Tao Jiang received B.S. in Computer Science and Technology from the University of Science and Technology of China, Hefei, inJuly 1984 and Ph.D. in Computer Science from University of Minnesota in Nov. 1988. He was a faculty member at McMaster University, Hamilton, Ontario, Canada during Jan. 1989 - July 2001 and is now Professor of Computer Science and Engineering at University of California - Riverside (UCR).
He is also a member of the UCR Institute for Integrative Genome Biology, a member of the Center for Plant Cell Biology, a principal scientist at Shanghai Center for Bioinformation Technology, and Qianren Chair Visiting Professor at Tsinghua University. Tao Jiang's recent research interestincludes combinatorial algorithms, computational molecular biology, bioinformatics, and computational aspects of information retrieval.
He is a fellow of the Association for Computing Machinery (ACM) and of the American Association for the Advancement of Science (AAAS), and held a Presidential Chair Professor position at UCR during 2007-2010.

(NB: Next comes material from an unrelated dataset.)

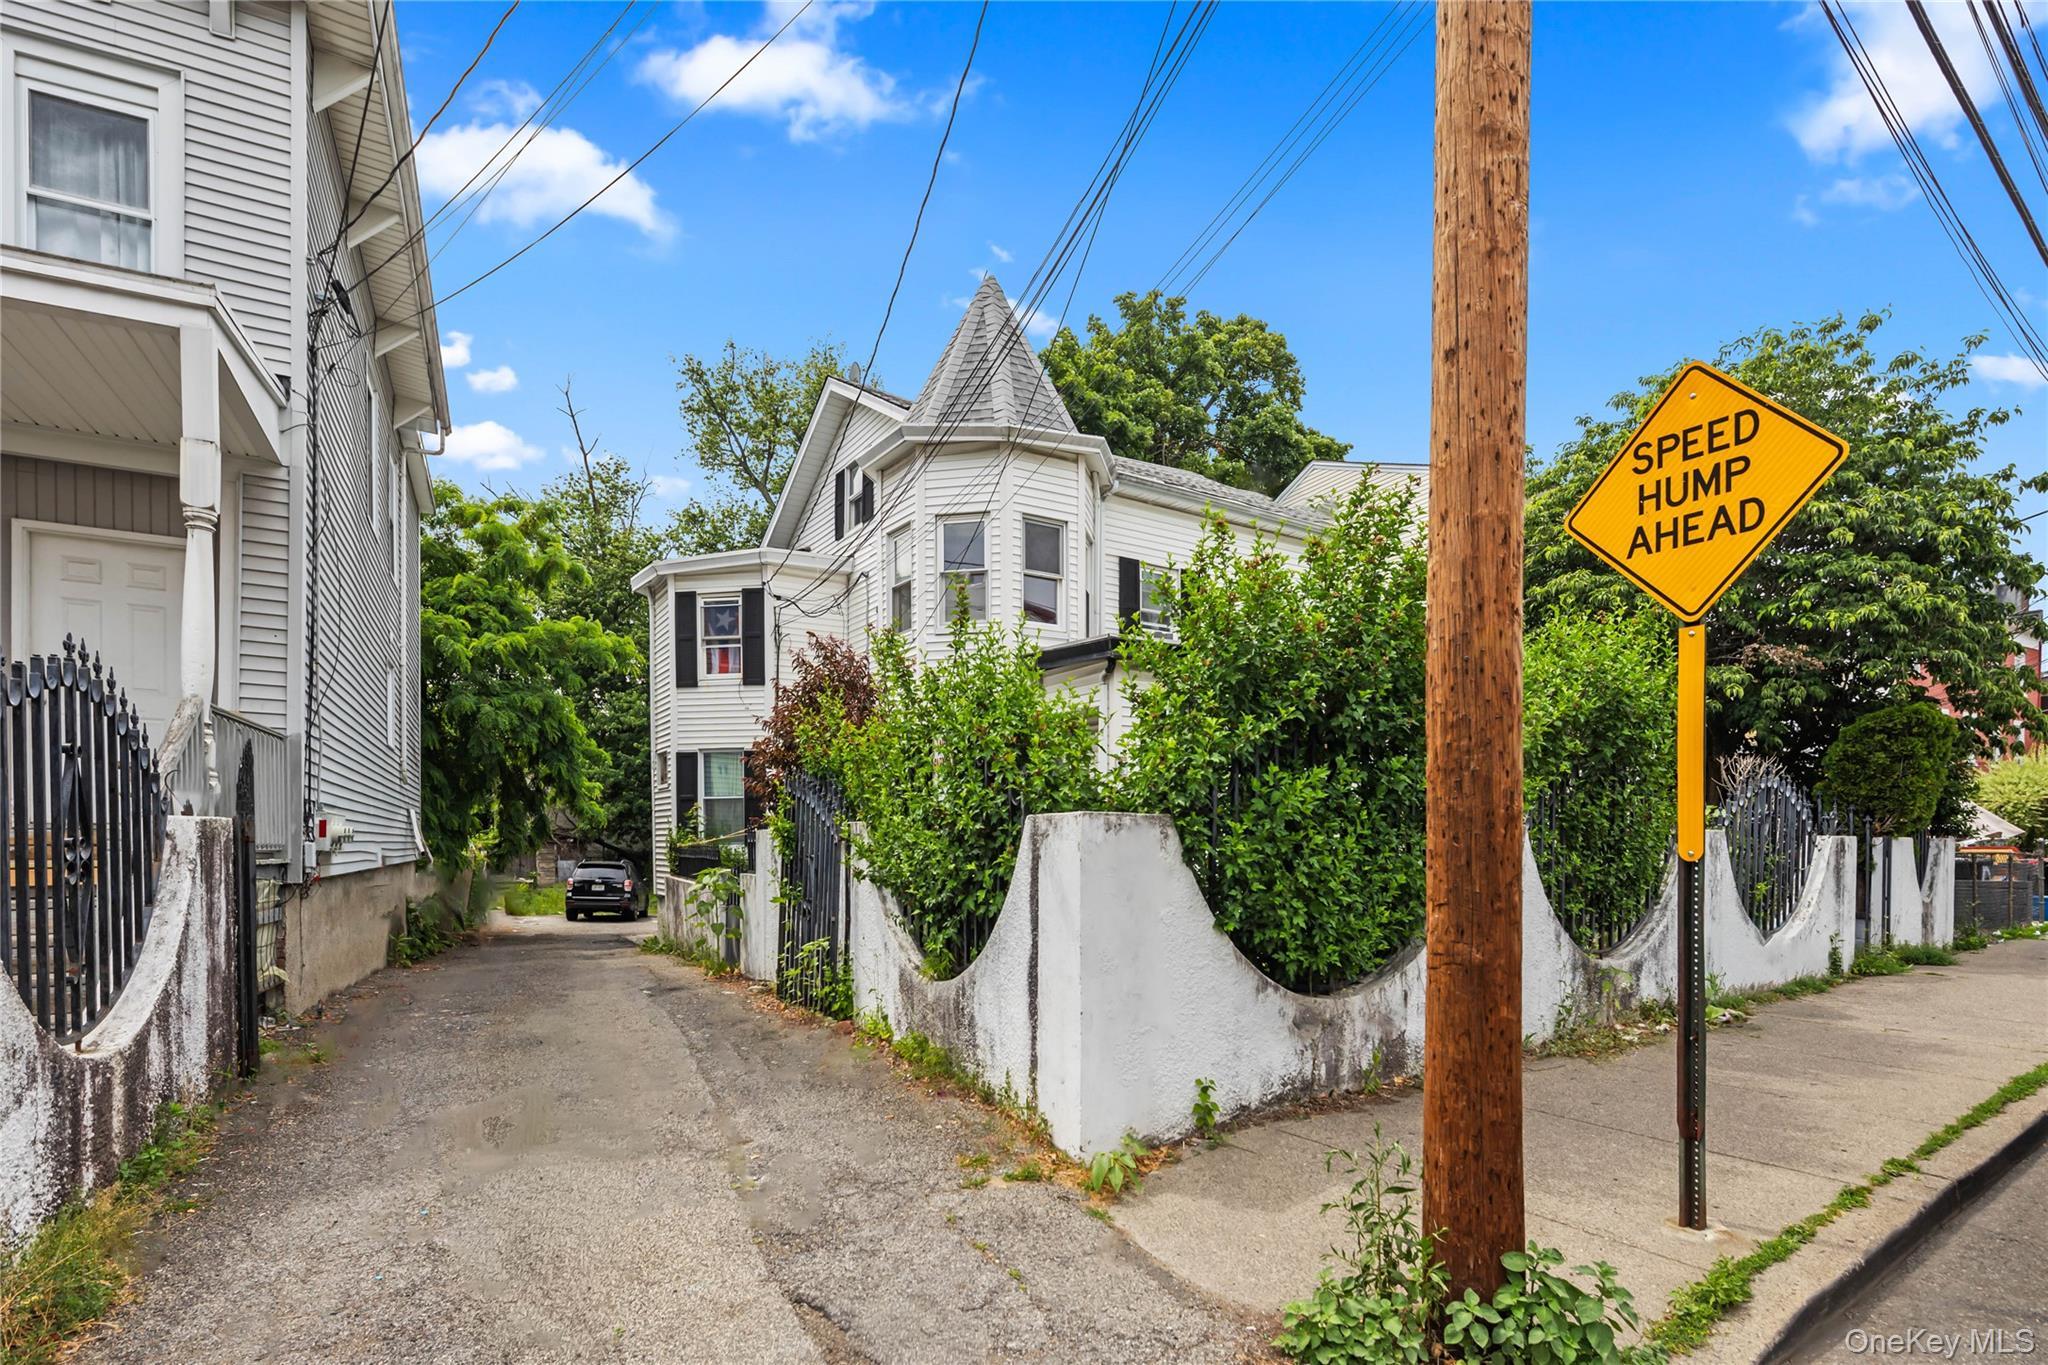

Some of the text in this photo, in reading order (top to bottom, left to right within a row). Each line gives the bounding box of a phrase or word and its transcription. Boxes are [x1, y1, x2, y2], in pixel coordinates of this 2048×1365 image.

He has published over 260 papers in computer science and bioinformatics journals and conferences, and won several best paper awards.
More information about his work can be found at http://www1.cs.ucr.edu/~jiang
Transcript-Based Differential Expression Analysis for Population RNA-Seq Data
Differential transcript expression (DTE) analysis on population data without predefined conditions is critical to many biological or clinical studies. For example, it can be used to discover biomarkers to classify cancer samples into previously unknown subtypes such that better diagnosis and therapy methods can be developed for the subtypes. Although several DTE tools have been published, these tools either assume binary conditions in the input population or require the number of conditions to be given.
In this work, we propose a novel DTE analysis algorithm, called SDEAP, that estimates the number of conditions directly from the input samples using Dirichlet mixture models and discovers alternative splicing events using a new graph modular decomposition algorithm.
By taking advantage of the above technical improvement, SDEAP was able to outperform the other DTE analysis methods in our extensive experiments on simulated data and real data with qPCR validation. The prediction of SDEAP also allowed us to classify the samples of cancer subtypes and cell-cycle phases more accurately.
This is joint work with Ei-Wen Yang at UCR/UCLA.